§ Aim of the task:
Retype all of the material exactly, leaving no line out.

§ Supplied data:

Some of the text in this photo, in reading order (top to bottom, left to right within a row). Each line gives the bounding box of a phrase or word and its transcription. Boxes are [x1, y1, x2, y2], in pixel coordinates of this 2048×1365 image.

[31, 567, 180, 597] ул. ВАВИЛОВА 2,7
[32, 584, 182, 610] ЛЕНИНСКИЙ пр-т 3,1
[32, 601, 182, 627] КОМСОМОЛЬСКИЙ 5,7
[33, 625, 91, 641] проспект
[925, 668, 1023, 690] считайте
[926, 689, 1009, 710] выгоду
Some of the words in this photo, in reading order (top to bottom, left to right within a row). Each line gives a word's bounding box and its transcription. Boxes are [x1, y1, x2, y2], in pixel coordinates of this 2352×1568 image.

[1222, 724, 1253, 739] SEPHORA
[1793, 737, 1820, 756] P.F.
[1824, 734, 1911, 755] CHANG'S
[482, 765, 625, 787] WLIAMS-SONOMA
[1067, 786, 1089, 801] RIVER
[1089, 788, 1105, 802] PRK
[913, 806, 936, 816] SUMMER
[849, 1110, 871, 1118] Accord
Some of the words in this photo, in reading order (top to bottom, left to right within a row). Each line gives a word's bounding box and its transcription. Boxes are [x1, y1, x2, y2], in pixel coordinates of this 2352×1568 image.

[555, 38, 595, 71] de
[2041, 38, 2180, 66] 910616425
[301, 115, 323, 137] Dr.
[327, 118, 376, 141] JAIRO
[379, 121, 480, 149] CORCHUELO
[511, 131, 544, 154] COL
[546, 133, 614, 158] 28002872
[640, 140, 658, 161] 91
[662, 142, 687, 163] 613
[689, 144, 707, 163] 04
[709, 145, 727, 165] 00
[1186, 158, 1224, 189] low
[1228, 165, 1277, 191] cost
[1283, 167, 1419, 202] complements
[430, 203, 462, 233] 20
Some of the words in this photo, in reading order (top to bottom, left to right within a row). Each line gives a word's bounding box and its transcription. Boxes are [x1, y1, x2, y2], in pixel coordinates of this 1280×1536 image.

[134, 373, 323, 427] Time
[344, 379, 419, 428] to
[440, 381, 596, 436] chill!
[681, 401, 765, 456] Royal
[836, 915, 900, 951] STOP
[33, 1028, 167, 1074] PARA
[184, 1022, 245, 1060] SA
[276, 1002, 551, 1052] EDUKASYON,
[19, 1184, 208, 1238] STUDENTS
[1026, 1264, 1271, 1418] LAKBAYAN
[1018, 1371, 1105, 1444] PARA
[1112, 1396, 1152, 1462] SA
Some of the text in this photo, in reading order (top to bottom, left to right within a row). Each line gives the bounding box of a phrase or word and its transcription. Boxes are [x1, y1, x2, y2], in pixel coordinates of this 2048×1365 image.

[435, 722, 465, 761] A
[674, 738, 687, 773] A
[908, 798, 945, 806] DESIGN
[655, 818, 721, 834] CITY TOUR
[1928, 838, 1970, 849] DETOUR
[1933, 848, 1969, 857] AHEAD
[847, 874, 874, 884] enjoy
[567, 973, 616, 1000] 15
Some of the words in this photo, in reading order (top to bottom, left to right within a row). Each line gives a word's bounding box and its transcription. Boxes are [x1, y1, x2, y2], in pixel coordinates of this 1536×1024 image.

§ Task response:
Some of the text in this photo, in reading order (top to bottom, left to right within a row). Each line gives the bounding box of a phrase or word and its transcription. Boxes are [x1, y1, x2, y2], in pixel coordinates of this 2048×1365 image.

[31, 567, 180, 597] ул. ВАВИЛОВА 2,7
[32, 584, 182, 610] ЛЕНИНСКИЙ пр-т 3,1
[32, 601, 182, 627] КОМСОМОЛЬСКИЙ 5,7
[33, 625, 91, 641] проспект
[925, 668, 1023, 690] считайте
[926, 689, 1009, 710] выгоду
Some of the words in this photo, in reading order (top to bottom, left to right within a row). Each line gives a word's bounding box and its transcription. Boxes are [x1, y1, x2, y2], in pixel coordinates of this 2352×1568 image.

[1222, 724, 1253, 739] SEPHORA
[1793, 737, 1820, 756] P.F.
[1824, 734, 1911, 755] CHANG'S
[482, 765, 625, 787] WLIAMS-SONOMA
[1067, 786, 1089, 801] RIVER
[1089, 788, 1105, 802] PRK
[913, 806, 936, 816] SUMMER
[849, 1110, 871, 1118] Accord
Some of the words in this photo, in reading order (top to bottom, left to right within a row). Each line gives a word's bounding box and its transcription. Boxes are [x1, y1, x2, y2], in pixel coordinates of this 2352×1568 image.

[555, 38, 595, 71] de
[2041, 38, 2180, 66] 910616425
[301, 115, 323, 137] Dr.
[327, 118, 376, 141] JAIRO
[379, 121, 480, 149] CORCHUELO
[511, 131, 544, 154] COL
[546, 133, 614, 158] 28002872
[640, 140, 658, 161] 91
[662, 142, 687, 163] 613
[689, 144, 707, 163] 04
[709, 145, 727, 165] 00
[1186, 158, 1224, 189] low
[1228, 165, 1277, 191] cost
[1283, 167, 1419, 202] complements
[430, 203, 462, 233] 20
Some of the words in this photo, in reading order (top to bottom, left to right within a row). Each line gives a word's bounding box and its transcription. Boxes are [x1, y1, x2, y2], in pixel coordinates of this 1280×1536 image.

[134, 373, 323, 427] Time
[344, 379, 419, 428] to
[440, 381, 596, 436] chill!
[681, 401, 765, 456] Royal
[836, 915, 900, 951] STOP
[33, 1028, 167, 1074] PARA
[184, 1022, 245, 1060] SA
[276, 1002, 551, 1052] EDUKASYON,
[19, 1184, 208, 1238] STUDENTS
[1026, 1264, 1271, 1418] LAKBAYAN
[1018, 1371, 1105, 1444] PARA
[1112, 1396, 1152, 1462] SA
Some of the text in this photo, in reading order (top to bottom, left to right within a row). Each line gives the bounding box of a phrase or word and its transcription. Boxes are [x1, y1, x2, y2], in pixel coordinates of this 2048×1365 image.

[435, 722, 465, 761] A
[674, 738, 687, 773] A
[908, 798, 945, 806] DESIGN
[655, 818, 721, 834] CITY TOUR
[1928, 838, 1970, 849] DETOUR
[1933, 848, 1969, 857] AHEAD
[847, 874, 874, 884] enjoy
[567, 973, 616, 1000] 15
Some of the words in this photo, in reading order (top to bottom, left to right within a row). Each line gives a word's bounding box and its transcription. Boxes are [x1, y1, x2, y2], in pixel coordinates of this 1536×1024 image.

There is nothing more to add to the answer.